Pompée lui tendit la feuille, méfiant. Il craignait que César ne soit capable de la déchirer.
Il l'étudia un court instant avant de partir d'un rire méchant.

"Mais enfin mon pauvre ami, cela ne prouve rien ! L'absurdité de ce que tu avances me sidère : Cornelia, tuer Fabia? Et pourquoi?"

Il lui raconta la discussion avec Caius, la jalousie de Cornelia, tout en conservant un oeil sur le fragile bout de papier.

"Tu te fais des illusions, Cornelia était amoureuse de moi. Tu ne sais pas ce que tu dis...
-En attendant, j'ai à mon appui une preuve écrite et un témoignage. On ne peut pas en dire autant de toi qui n'a que mon aveux à ta disposition...
-La parole d'un vieux fou et un bout de papier ! La belle affaire !"

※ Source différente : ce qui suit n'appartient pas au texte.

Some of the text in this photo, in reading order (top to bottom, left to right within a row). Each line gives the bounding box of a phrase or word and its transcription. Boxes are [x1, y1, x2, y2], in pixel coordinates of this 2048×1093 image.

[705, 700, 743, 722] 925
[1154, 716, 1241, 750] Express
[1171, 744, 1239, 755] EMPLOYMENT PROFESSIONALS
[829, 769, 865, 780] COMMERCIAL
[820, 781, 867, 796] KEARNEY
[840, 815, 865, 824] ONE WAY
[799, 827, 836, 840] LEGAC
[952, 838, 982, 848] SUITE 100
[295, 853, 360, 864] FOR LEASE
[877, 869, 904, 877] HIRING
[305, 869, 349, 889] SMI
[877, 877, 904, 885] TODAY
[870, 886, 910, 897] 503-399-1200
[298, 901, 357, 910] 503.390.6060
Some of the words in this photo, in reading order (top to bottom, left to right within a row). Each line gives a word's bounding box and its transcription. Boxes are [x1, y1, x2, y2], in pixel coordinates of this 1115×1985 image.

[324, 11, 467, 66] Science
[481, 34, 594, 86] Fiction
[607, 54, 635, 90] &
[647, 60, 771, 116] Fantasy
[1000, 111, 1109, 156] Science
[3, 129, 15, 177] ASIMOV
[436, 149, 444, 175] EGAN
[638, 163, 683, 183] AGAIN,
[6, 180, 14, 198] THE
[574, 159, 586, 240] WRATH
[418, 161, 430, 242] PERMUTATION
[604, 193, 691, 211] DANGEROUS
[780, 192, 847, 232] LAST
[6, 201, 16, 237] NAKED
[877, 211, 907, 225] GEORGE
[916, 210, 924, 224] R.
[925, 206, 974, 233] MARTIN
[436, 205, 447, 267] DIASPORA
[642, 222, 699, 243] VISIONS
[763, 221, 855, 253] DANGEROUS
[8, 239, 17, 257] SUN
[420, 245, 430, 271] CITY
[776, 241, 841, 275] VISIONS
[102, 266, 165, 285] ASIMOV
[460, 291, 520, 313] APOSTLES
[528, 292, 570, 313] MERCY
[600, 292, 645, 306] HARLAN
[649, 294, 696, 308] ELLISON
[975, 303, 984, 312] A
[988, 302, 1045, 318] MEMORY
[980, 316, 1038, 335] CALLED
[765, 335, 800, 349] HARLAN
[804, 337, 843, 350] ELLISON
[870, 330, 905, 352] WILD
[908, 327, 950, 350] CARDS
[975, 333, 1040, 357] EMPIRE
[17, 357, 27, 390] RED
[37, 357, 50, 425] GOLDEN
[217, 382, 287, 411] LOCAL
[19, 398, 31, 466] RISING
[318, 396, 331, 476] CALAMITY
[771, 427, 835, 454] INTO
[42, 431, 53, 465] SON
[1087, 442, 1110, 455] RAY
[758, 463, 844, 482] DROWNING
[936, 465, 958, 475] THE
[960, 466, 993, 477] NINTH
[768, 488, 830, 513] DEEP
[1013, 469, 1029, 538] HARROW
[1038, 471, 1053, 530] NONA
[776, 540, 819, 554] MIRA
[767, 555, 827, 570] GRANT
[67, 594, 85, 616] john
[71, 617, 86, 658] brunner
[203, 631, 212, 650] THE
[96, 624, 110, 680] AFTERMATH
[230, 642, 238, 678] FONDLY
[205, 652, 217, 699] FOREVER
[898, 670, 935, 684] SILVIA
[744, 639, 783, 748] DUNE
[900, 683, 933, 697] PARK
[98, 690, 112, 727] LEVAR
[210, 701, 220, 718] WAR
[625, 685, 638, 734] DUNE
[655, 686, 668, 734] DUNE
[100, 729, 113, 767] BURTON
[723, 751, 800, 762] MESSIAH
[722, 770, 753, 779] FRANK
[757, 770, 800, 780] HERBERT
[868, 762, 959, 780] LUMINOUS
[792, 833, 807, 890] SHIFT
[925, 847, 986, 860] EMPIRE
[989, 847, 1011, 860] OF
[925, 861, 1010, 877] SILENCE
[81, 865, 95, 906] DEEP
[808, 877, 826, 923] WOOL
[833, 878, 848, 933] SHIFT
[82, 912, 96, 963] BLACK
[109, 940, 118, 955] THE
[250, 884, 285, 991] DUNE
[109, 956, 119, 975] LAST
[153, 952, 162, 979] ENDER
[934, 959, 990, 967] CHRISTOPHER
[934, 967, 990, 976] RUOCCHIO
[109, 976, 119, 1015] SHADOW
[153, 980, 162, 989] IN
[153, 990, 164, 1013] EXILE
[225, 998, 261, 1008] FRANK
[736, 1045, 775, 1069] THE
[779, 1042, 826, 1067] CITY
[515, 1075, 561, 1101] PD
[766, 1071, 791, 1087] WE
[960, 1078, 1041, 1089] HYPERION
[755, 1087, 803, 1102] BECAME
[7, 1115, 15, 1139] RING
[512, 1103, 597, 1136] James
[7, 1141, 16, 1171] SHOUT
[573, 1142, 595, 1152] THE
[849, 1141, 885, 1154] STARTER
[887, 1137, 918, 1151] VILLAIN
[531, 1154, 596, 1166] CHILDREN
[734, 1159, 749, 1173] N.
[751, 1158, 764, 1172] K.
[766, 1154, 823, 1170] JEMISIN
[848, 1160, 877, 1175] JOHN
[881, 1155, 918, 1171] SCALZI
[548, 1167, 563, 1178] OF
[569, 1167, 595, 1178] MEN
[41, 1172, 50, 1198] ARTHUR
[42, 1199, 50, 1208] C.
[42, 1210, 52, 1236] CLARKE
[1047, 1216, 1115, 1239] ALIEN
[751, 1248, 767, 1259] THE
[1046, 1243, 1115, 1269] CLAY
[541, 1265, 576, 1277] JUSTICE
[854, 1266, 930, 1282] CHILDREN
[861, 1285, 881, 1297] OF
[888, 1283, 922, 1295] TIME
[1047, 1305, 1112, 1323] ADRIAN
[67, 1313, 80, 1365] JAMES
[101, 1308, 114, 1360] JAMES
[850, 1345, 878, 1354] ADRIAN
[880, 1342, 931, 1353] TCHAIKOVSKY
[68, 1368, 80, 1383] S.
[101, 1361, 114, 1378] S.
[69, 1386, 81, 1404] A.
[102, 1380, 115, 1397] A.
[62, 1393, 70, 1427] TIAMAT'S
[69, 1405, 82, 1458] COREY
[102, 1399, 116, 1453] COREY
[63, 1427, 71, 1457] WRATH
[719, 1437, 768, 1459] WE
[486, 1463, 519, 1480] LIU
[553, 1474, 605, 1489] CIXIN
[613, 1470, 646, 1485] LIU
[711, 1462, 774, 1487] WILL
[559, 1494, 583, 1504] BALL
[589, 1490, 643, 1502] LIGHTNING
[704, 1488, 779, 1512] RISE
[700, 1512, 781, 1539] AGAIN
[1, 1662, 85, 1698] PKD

Pompée soupira. Il le sentait pourtant, qu'il n'aurait pas dû se rapprocher de la famille César.
Et pourtant il s'était empressé de demander la main de la fille de son ami, ce qui n'avait fait qu'envenimer la situation alors qu'ils auraient pu rester en de bons termes...
En réalité, il n'avait pas exactement demandé la main de Julia. César pensait qu'il serait de bon aloi de renforcer leur accord politique en y joignant un peu d'amour.
Un amour forcé, certes. Alors durant de nombreuses années il avait parlé de Julia à son ami, lui avait implanté cette idée dans la tête, et l'avait informé des déplacements de sa fille afin qu'il puisse la voir sans toutefois se présenter. Julia avait été l'instrument de l'affaire sans même s'en douter. Avec un père manipulateur et une mère meurtrière, sa filiation n'était pas des plus glorieuses ! Et pourtant, personne n'en saurait jamais rien...César ne pouvait pas se permettre de jeter l'opprobre sur son ancienne épouse de la sorte, car le déshonneur s'étendrait à lui et sa famille. Il se contenterait d'éteindre les braises du ragot qu'ils avaient lui-même attisées, il en faisait la promesse à Pompée.

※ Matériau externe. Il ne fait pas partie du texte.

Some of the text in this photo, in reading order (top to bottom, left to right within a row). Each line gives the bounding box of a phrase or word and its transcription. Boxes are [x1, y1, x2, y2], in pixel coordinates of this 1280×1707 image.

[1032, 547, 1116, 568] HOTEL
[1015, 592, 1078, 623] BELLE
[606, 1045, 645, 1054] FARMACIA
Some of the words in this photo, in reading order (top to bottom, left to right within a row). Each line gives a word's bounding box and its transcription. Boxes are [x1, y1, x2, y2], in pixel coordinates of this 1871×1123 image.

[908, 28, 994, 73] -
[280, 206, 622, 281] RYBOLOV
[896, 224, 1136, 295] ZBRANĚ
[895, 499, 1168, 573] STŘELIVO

Lorsqu'ils se serrèrent la main, Pompée s'autorisa une accolade à son ancien compagnon.
Il lui glissa :
"Je voudrais tant que tout redevienne comme avant...je vais tout faire pour te ramener ta fille, et j'espère que cela me ramènera mon ami."

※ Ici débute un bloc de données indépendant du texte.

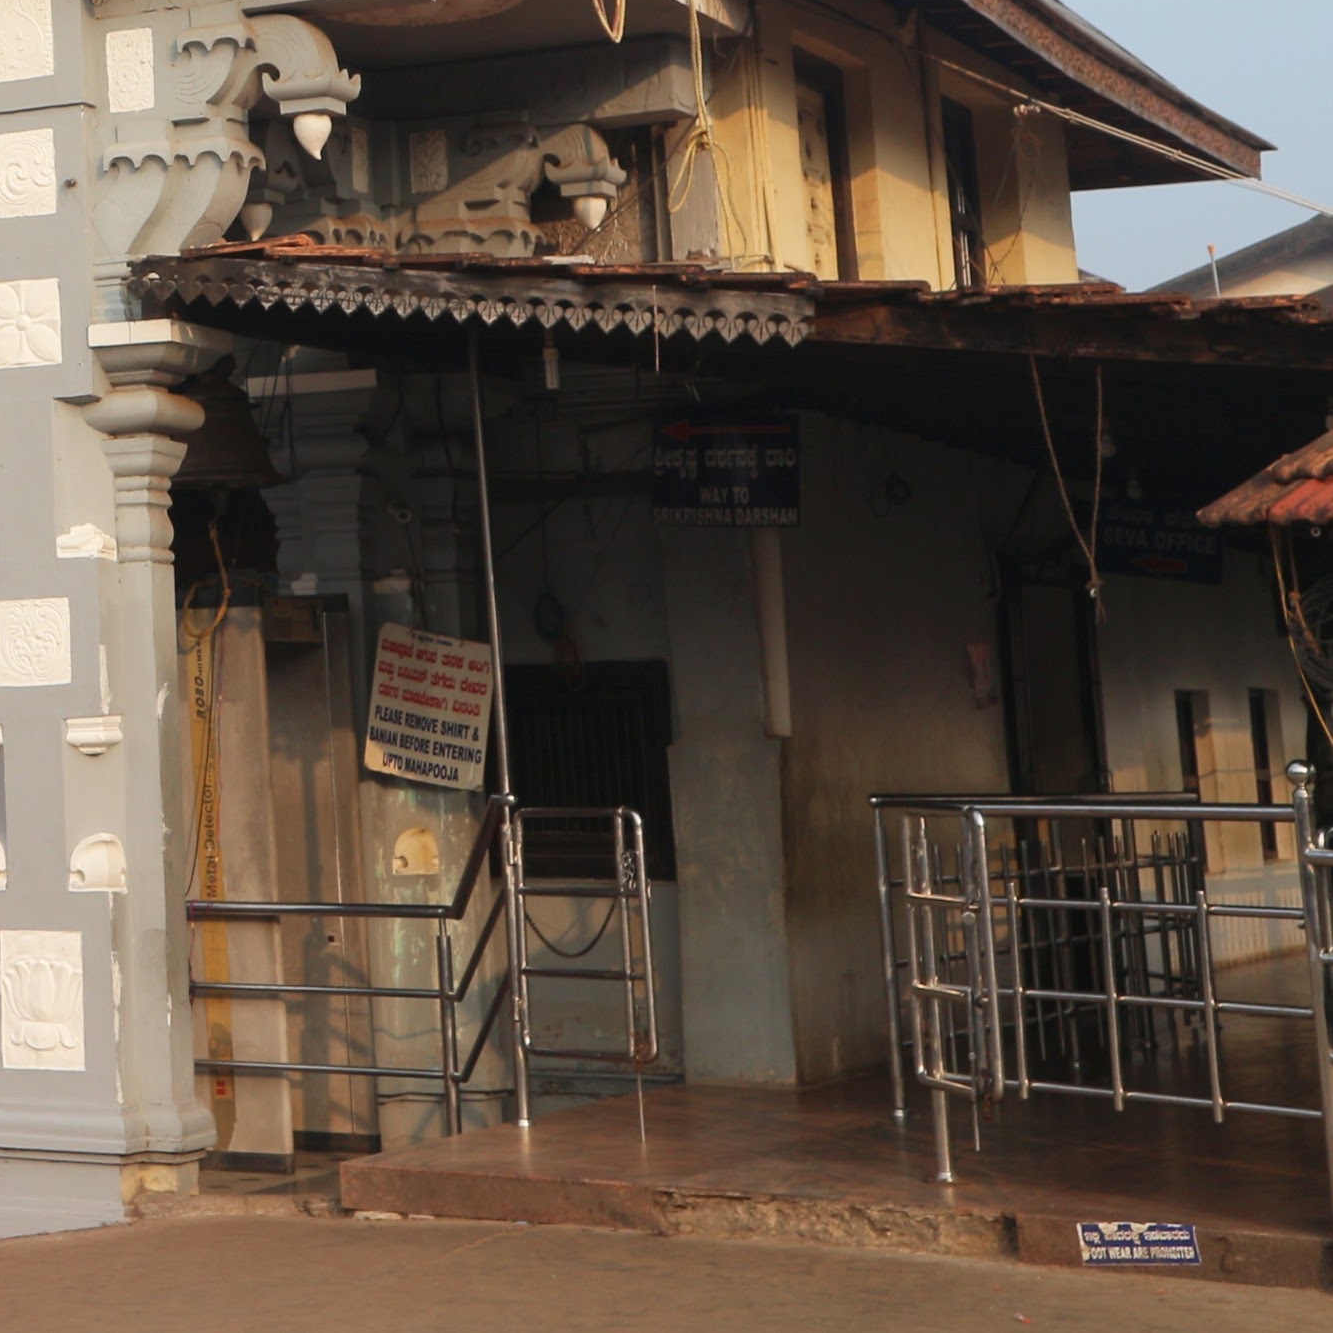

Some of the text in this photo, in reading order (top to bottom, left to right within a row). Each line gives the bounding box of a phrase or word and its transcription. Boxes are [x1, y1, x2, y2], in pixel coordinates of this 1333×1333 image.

[699, 485, 750, 504] WAY TO
[653, 506, 798, 525] SRIKRISHNA DARSHAN
[1103, 526, 1216, 554] SEVA OFFICE
[375, 705, 479, 742] PLEASE REMOVE SHIRT &
[369, 726, 482, 764] BANIAN BEFORE ENTERING
[382, 751, 459, 782] UPTO MAHAPOOJA
[206, 856, 217, 898] Metal
[1089, 1247, 1107, 1260] OOT
[1108, 1247, 1132, 1260] WEAR
[1133, 1247, 1149, 1259] ARE

Les deux hommes les plus impassibles de Rome s'autorisèrent une petite larme lors de cette déclamation. Que c'était beau, une amitié qui renaît !
Il ne faisait aucun doute qu'elle serait bancale quelques temps, tout ne pouvait pas se réparer d'un battement de paupières, mais cette accolade avait un pouvoir symbolique.